There is much in the current agenda for Tuesday night’s council meeting that residents need to be aware of and to actively lobby the new council on. Whilst there are clearly some major improvements in terms of community consultation, and a more ‘up front’ approach to letting residents know what is on the drawing board, vigilance by residents is still required. Plus of course the demand that council is explicit and precise in all its communications with residents.
This last point is crucial, especially as it applies to Item 9.7 of the agenda – ie ‘city strategy’ and the work council is proposing to undertake in the next 18 months on planning. The item basically promises 3 things:
- To update the 2005 Activity Centres Strategy
- To complete structure plans for Bentleigh, Carnegie and Elsternwick, and
- To continue and expand the ‘engagement’ practices currently initiated for the shopping strips
Whilst this all sounds wonderful, there are some real concerns as exemplified by this sentence – The revised Activity Centre Strategy will inform Building and Development (or Urban Design) Guidelines which will guide the design of future developments within all commercial areas.
And
Community feedback will be sought on built form controls across all commercial areas with a more detailed focus on Urban Villages.
We remind readers that an ‘activity centre’ is much, much more than the ‘commercial’ areas. It also incorporates the surrounding residential areas that are currently zoned either Residential Growth Zone, and/or General Residential Zone (ie 4 and 3 storeys respectively).
Then there is also this nebulous sentence – This work will manage development in key sensitive areas whilst also aiming to strategically unlock some key sites close to train stations for redevelopment. Exactly what does this mean? Which sites are in the firing line?
Until council is prepared to commit to a full and comprehensive review of its residential zones, then no amount of structure planning, or urban design frameworks alone will ameliorate the damage that is currently continuing to occur in our local residential streets. The real questions that residents should be demanding answers to are:
- If the major shopping strips can provide enough housing to cater for the population growth, then does Glen Eira really need 40+% of Ormond, for example, zoned as General Residential Zone?
- Why do so many streets have 3 distinct zonings when the recommendations from the Minister’s Standing Committee on the new zones recommended against this practice?
- Why have so many heritage areas been included as part of growth zones and others haven’t? What is the logic and the consistency behind the new zones and does this stand up to scrutiny?
The following screen dump from the current planning scheme will show why we are concerned about the potential direction of planning in Glen Eira if the intention is to only concentrate on the commercial areas and totally ignore the surrounding residential streets that are part of all activity centres. The shaded areas largely represent the commercial and mixed use zonings in Bentleigh. The darker single lines represent the ‘circumferance’ of the Bentleigh activity centre. Most of the activity centre is comprised of nearby streets and therefore housing. To ignore these countless streets which are zoned GRZ and RGZ and to only concentrate on the commercial zoning as the draft Amendments C147/8 do is to wash one’s hands of protecting neighbourhoods and undertaking planning of the highest order. In the meantime of course, officer recommendations are to grant permits for another 61 units over 3 locations of 3 and 4 storey heights!

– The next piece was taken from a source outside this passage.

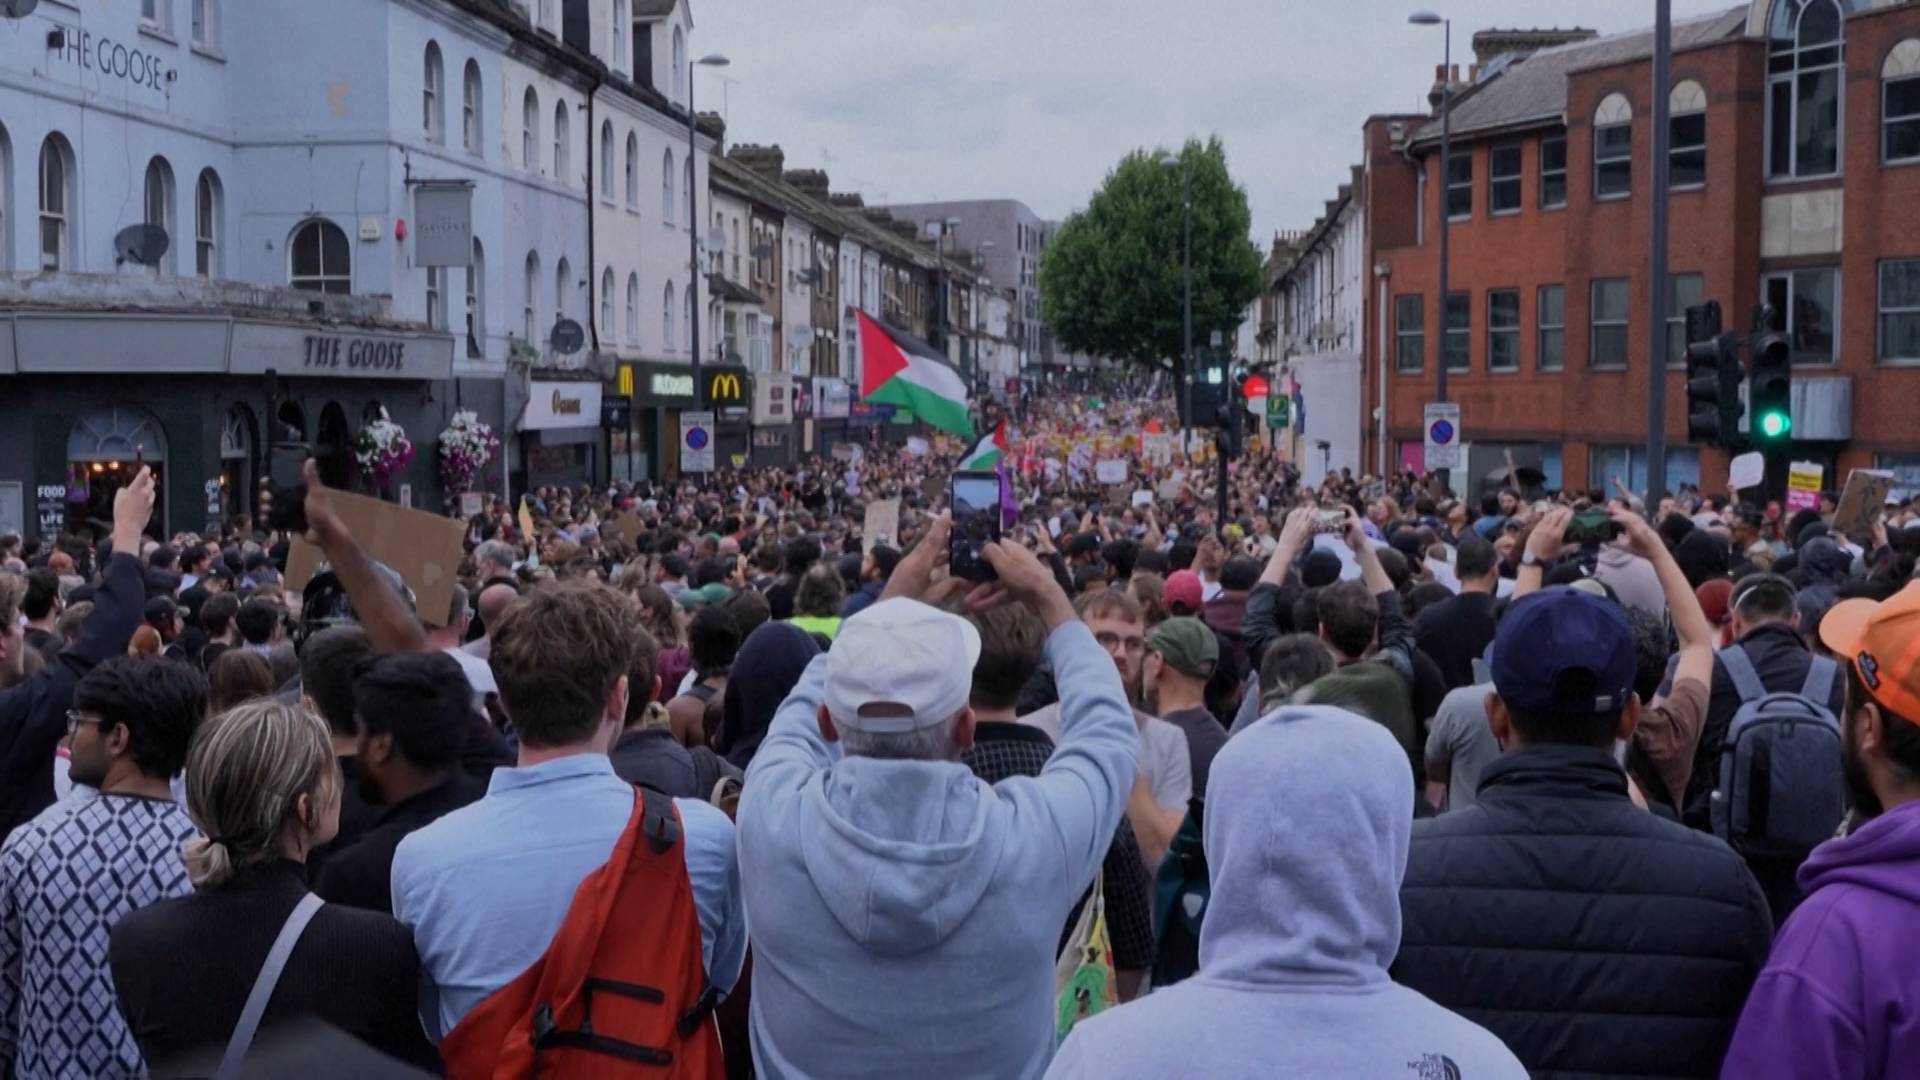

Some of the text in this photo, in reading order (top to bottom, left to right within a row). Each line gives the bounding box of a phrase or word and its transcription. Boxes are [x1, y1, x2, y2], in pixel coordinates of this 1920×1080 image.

December 16, 2016 at 9:54 PM
Mixed messages are coming thick and fast so impossible to know what council is really planning to do. The planning scheme review talked about three structure plans in 5 years. The work plan changed to 4 years. Elsternwick got forgotten. Now we have Elsternwick back in the picture over 18 months. The draft amendments are going nowhere fast taking us back to square one with applications getting permit after permit. The majority of the permits aren’t in commercial but in side streets because of the zoning. Council needs to explain what it’s doing and why and stop fudging. This is like using a bucket to save the titanic. It ain’t gonna work.
December 16, 2016 at 10:24 PM
I agree completely with these remarks. Nothing is very clear and that is deliberate I would say. It’s okay to fix up the shopping strips themselves and to get height limits on commercial. A lot more needs to happen and it doesn’t appear to be on the cards with this report. Stop the development is what residents want. Not just in commercial sites but in all the streets like Bent and Vickery before it’s all gone.
December 17, 2016 at 10:19 AM
Stop the development is dead right. I took a look at people’s comments on the shopping strip have your say and most are on about overdevelopment and losing the character of streets. Looking at shops and commercial only isnt going to cut it.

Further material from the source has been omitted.